WHAT YOU NEED TO DO ▸
Omit the pictures. Print each entry below exactly.

·····

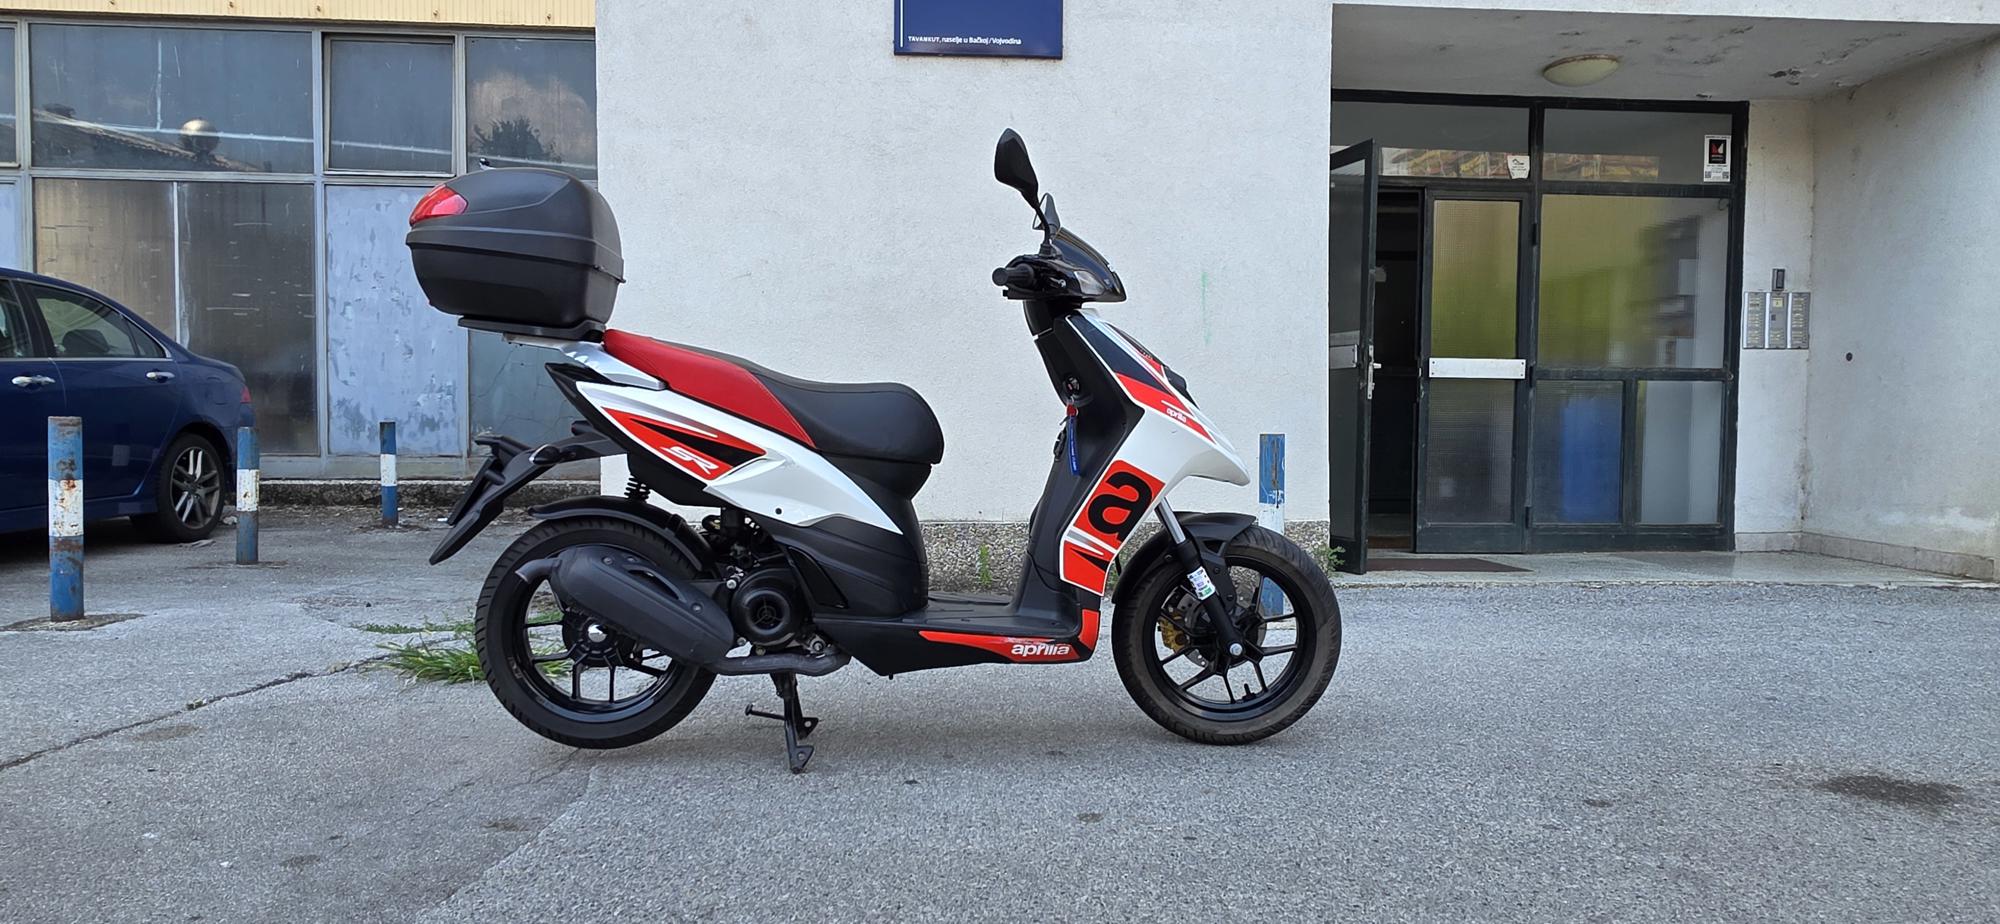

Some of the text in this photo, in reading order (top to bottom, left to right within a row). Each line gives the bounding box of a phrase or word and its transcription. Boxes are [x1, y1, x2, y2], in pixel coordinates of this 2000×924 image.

[1166, 407, 1187, 423] aprilia
[661, 446, 719, 475] SR
[1011, 643, 1069, 657] aprilia
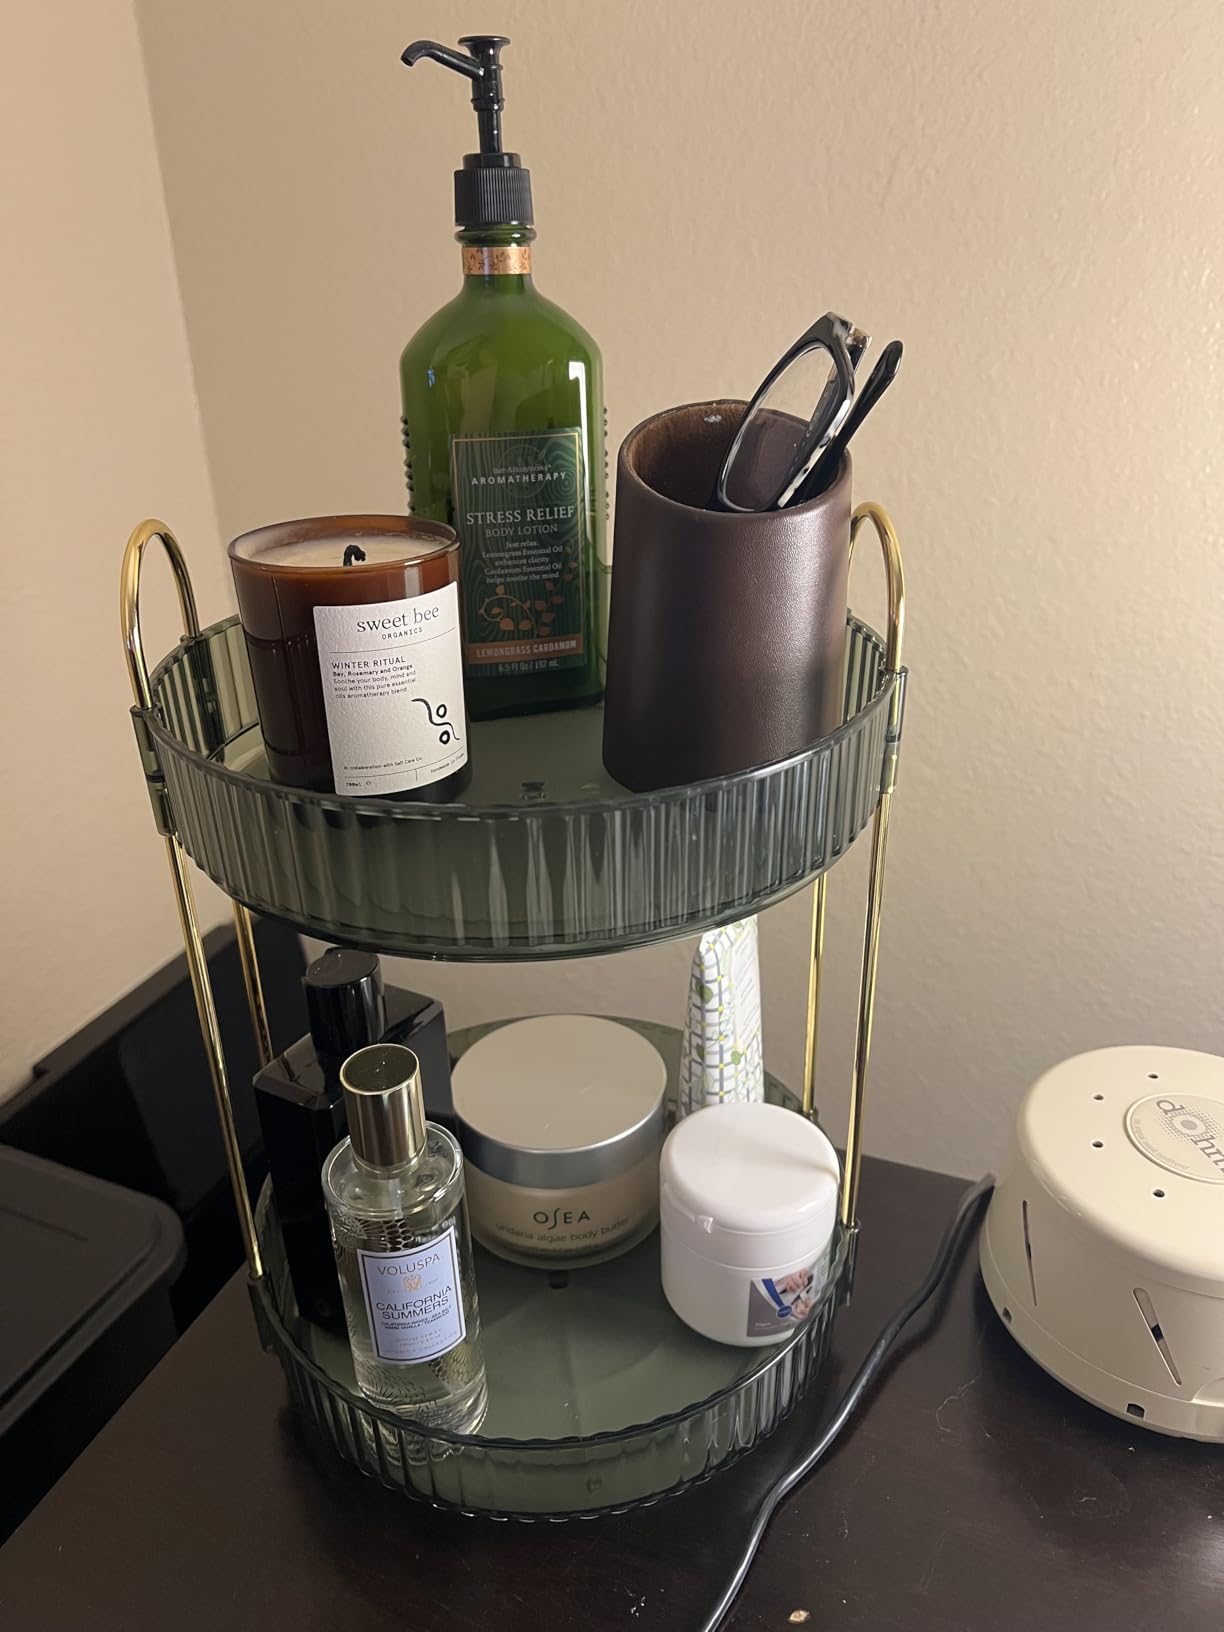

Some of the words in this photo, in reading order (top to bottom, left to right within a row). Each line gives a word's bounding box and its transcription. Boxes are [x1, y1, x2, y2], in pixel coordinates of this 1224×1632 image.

·····

RESPONSE ▸
Some of the text in this photo, in reading order (top to bottom, left to right within a row). Each line gives the bounding box of a phrase or word and its transcription. Boxes are [x1, y1, x2, y2], in pixel coordinates of this 2000×924 image.

[1166, 407, 1187, 423] aprilia
[661, 446, 719, 475] SR
[1011, 643, 1069, 657] aprilia

Some of the words in this photo, in reading order (top to bottom, left to right within a row). Each line gives a word's bounding box and its transcription. Boxes are [x1, y1, x2, y2], in pixel coordinates of this 1224×1632 image.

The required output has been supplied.